> Goal of the exercise
Give back the full listing as written. No pictures go with it.

> Input material
+++

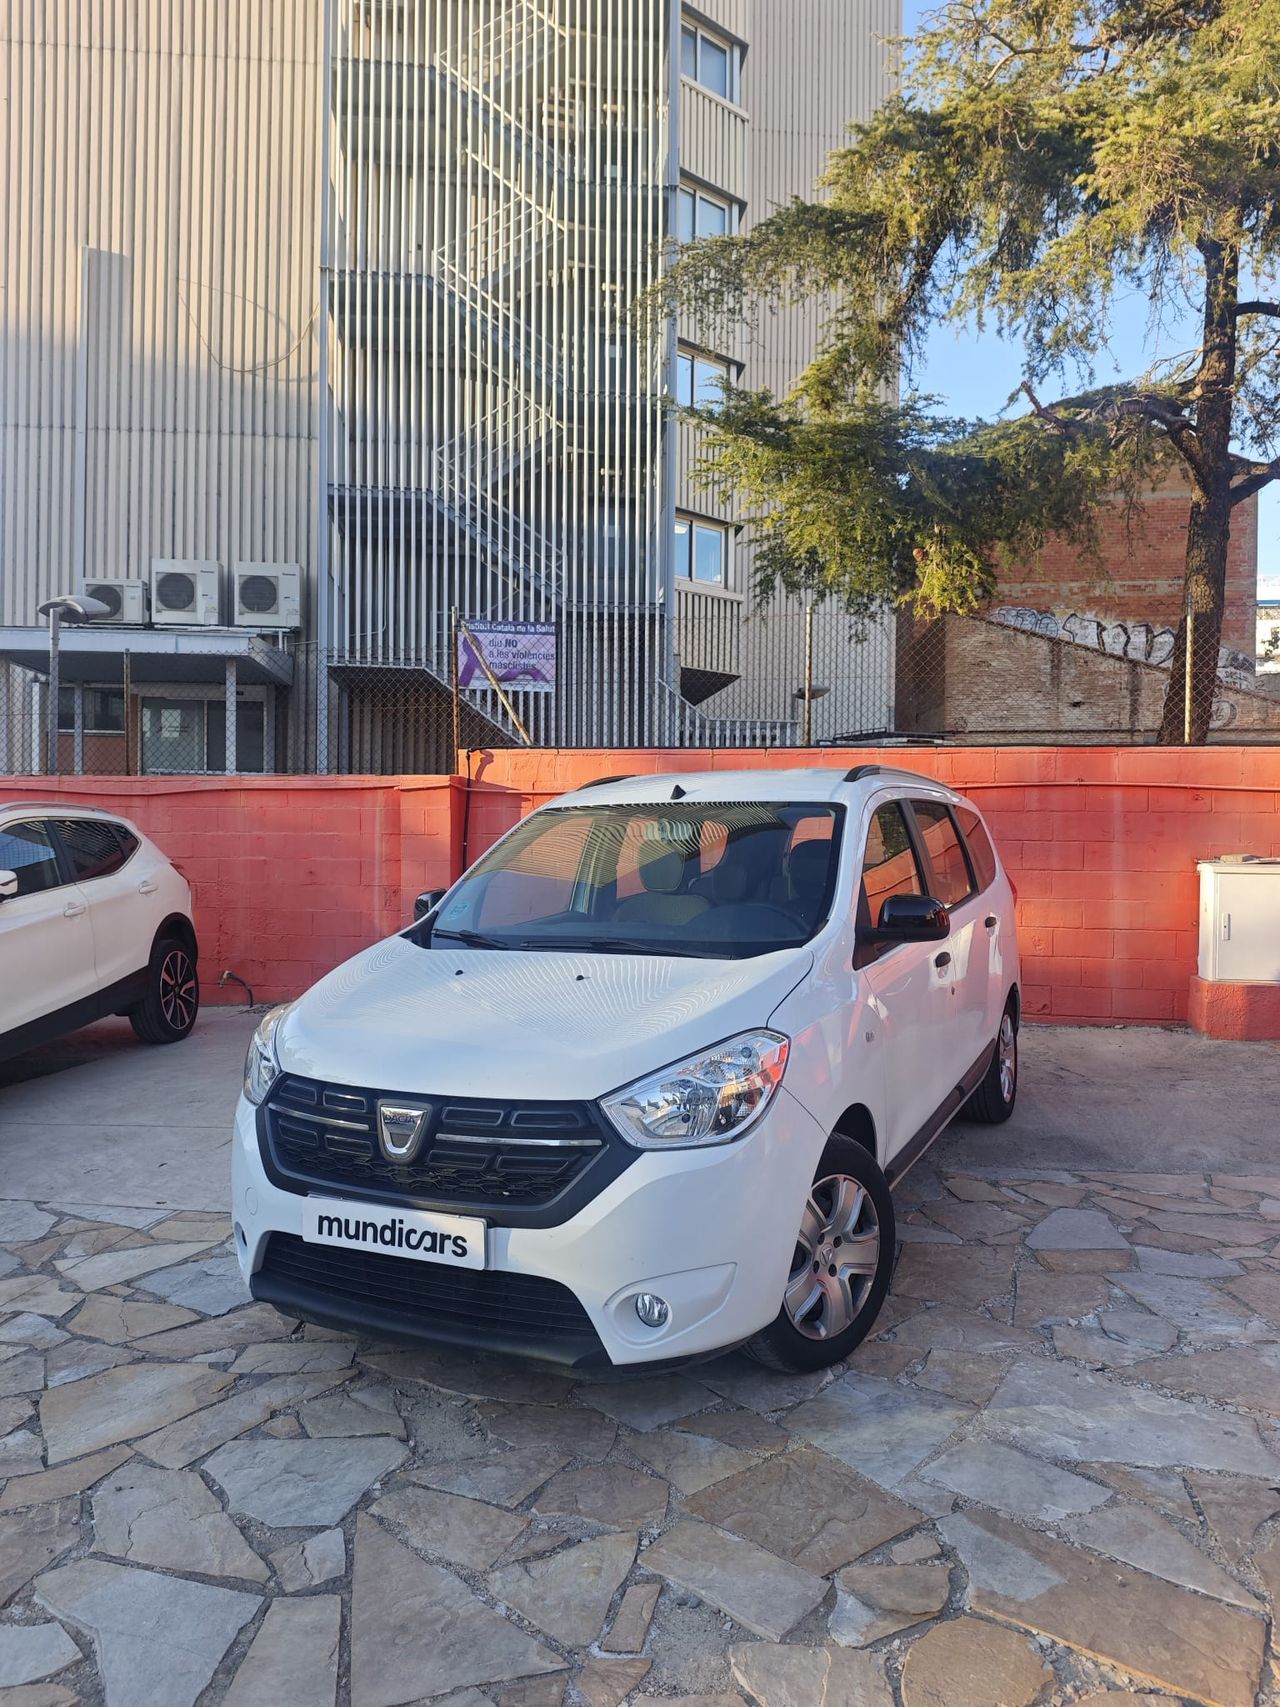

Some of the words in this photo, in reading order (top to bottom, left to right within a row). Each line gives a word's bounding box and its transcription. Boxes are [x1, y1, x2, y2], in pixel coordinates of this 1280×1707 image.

[464, 621, 490, 630] nstitut
[517, 624, 526, 632] de
[528, 624, 535, 633] la
[536, 624, 555, 633] Salut
[504, 638, 518, 648] NO
[488, 651, 494, 659] a
[497, 650, 510, 659] les
[384, 1114, 415, 1125] DACIA
[318, 1214, 468, 1258] mundicars
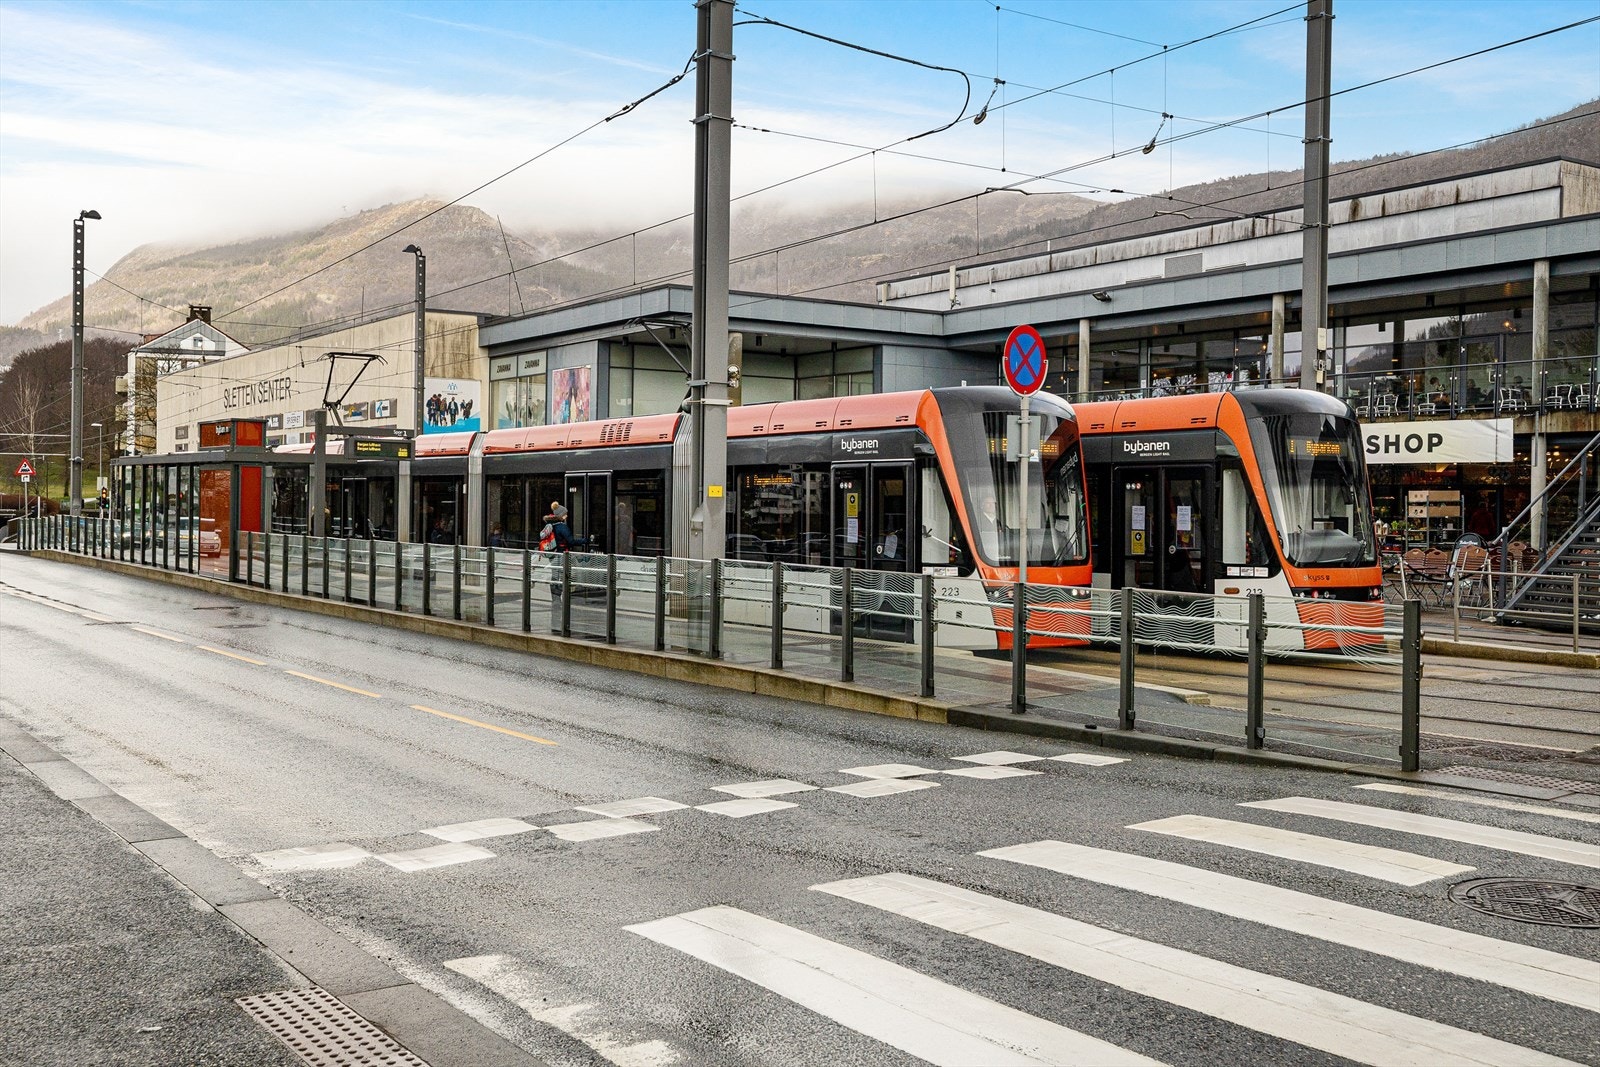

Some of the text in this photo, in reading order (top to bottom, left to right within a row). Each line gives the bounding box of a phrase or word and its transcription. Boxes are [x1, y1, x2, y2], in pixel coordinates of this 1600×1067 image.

[223, 376, 292, 409] SLETTEN SENTER
[841, 438, 879, 452] bybanen
[1123, 440, 1170, 454] bybanen
[1366, 433, 1444, 454] SHOP
[941, 587, 960, 597] 223
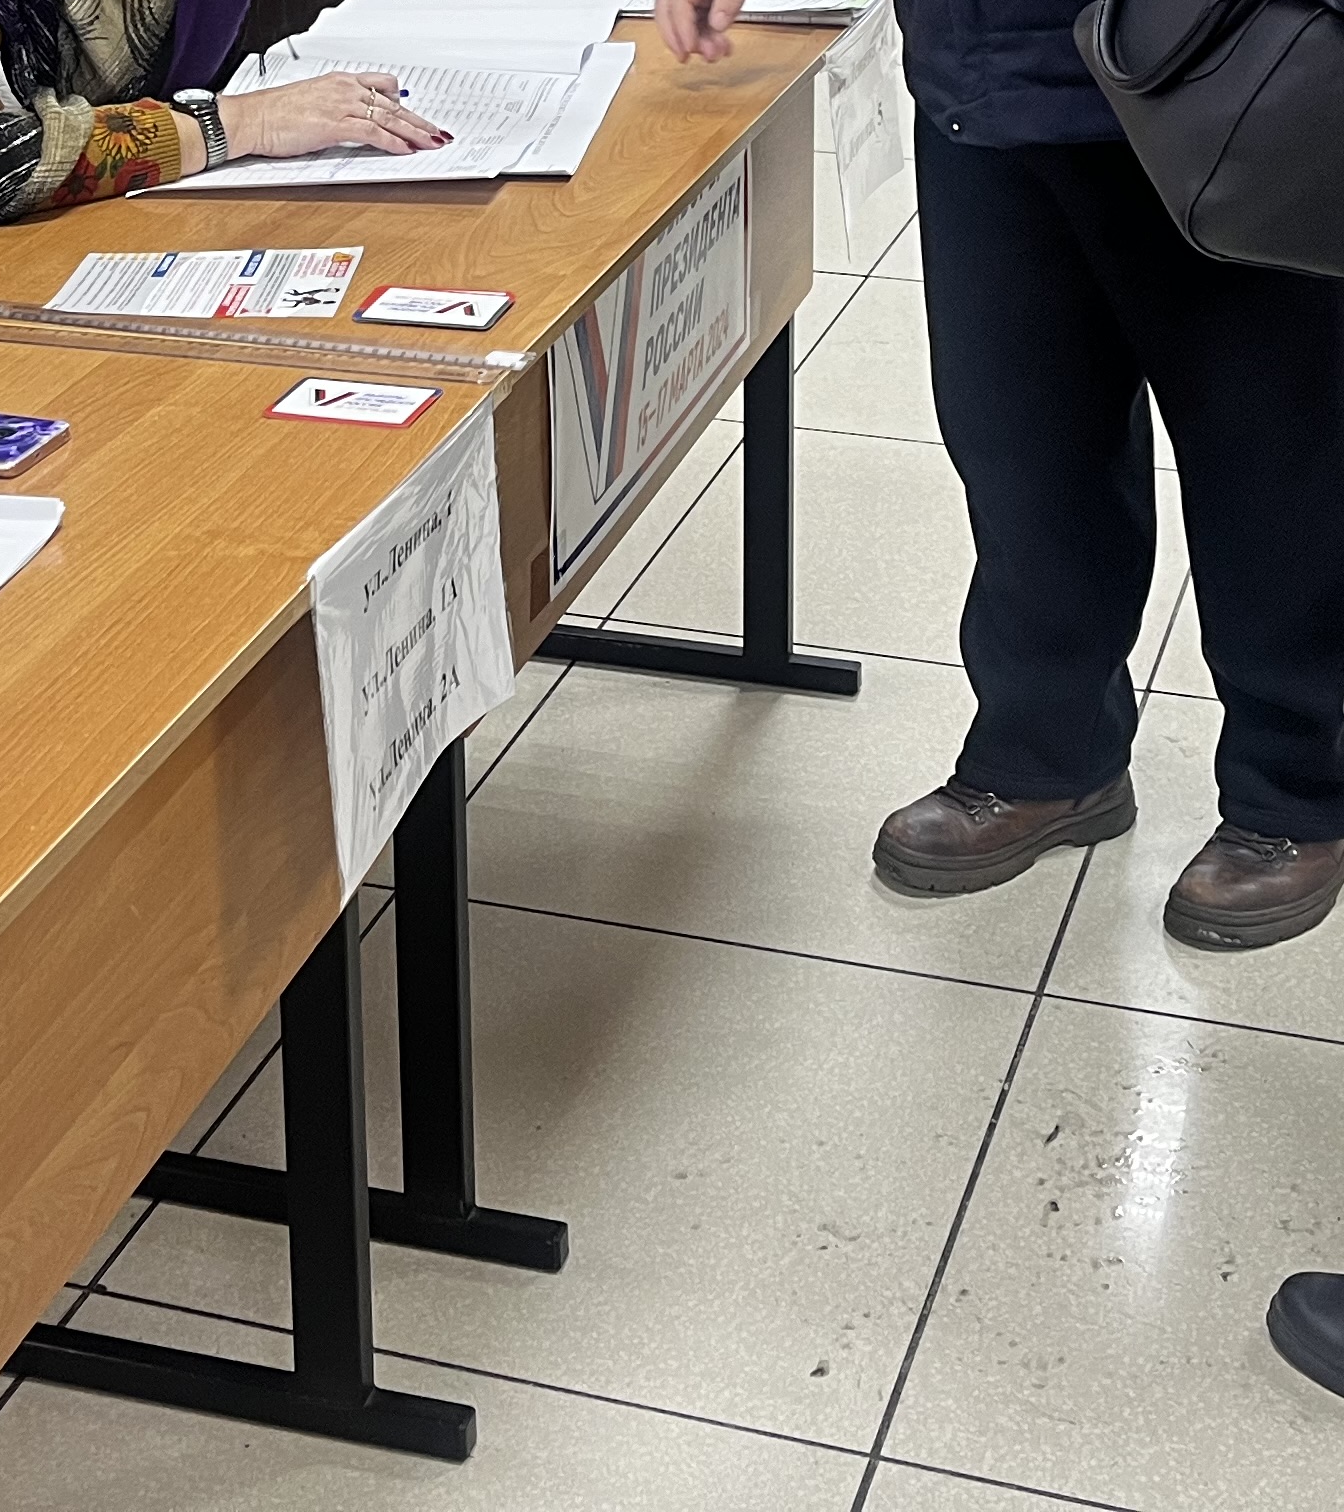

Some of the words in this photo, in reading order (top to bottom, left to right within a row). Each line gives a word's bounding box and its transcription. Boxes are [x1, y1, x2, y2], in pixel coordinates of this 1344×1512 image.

[649, 176, 741, 318] ПРЕЗИДЕНТА
[642, 277, 705, 391] РОССИИ
[668, 345, 705, 414] МАРТА
[705, 301, 730, 368] 2024
[440, 575, 459, 614] 1А
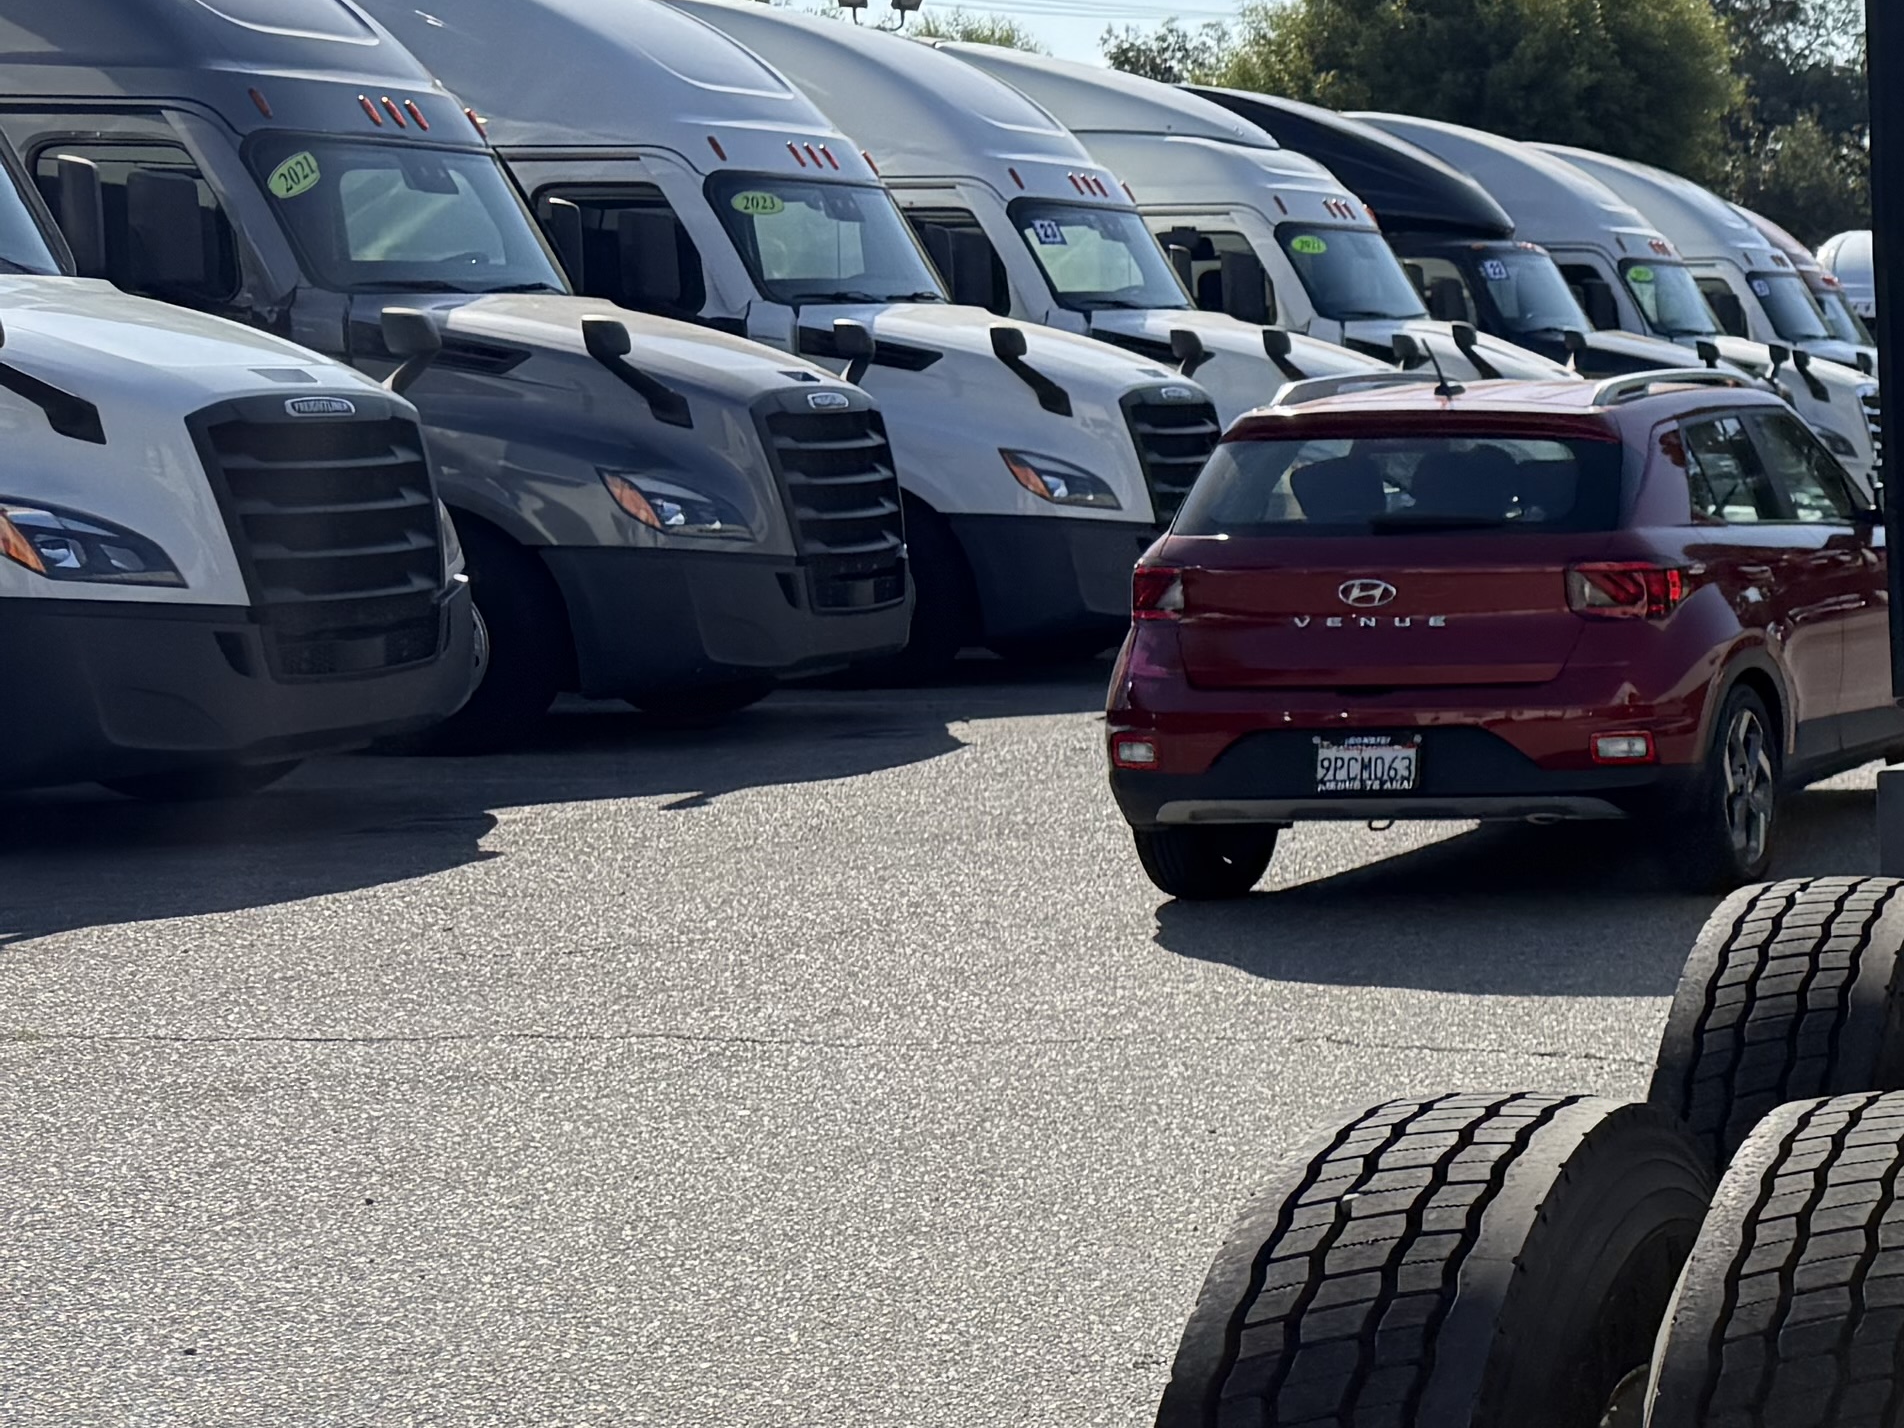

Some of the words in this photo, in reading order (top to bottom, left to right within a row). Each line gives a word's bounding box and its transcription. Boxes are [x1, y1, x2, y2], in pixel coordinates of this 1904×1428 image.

+++

> Result of this task
Some of the words in this photo, in reading order (top to bottom, left to right within a row). Each line gives a word's bounding box and its transcription. Boxes are [x1, y1, x2, y2], in pixel coordinates of this 1280×1707 image.

[464, 621, 490, 630] nstitut
[517, 624, 526, 632] de
[528, 624, 535, 633] la
[536, 624, 555, 633] Salut
[504, 638, 518, 648] NO
[488, 651, 494, 659] a
[497, 650, 510, 659] les
[384, 1114, 415, 1125] DACIA
[318, 1214, 468, 1258] mundicars

Some of the text in this photo, in reading order (top to bottom, left to right within a row). Each line gives the bounding box of a phrase or word and its transcription. Boxes are [x1, y1, x2, y2], in pixel coordinates of this 1600×1067 image.

[223, 376, 292, 409] SLETTEN SENTER
[841, 438, 879, 452] bybanen
[1123, 440, 1170, 454] bybanen
[1366, 433, 1444, 454] SHOP
[941, 587, 960, 597] 223

Some of the words in this photo, in reading order (top to bottom, left to right within a row). Each line gives a word's bounding box and its transcription. Boxes are [x1, y1, x2, y2], in pixel coordinates of this 1344×1512 image.

[649, 176, 741, 318] ПРЕЗИДЕНТА
[642, 277, 705, 391] РОССИИ
[668, 345, 705, 414] МАРТА
[705, 301, 730, 368] 2024
[440, 575, 459, 614] 1А

Some of the words in this photo, in reading order (top to bottom, left to right within a row). Each line gives a word's bounding box and its transcription. Boxes are [x1, y1, x2, y2], in pixel coordinates of this 1904×1428 image.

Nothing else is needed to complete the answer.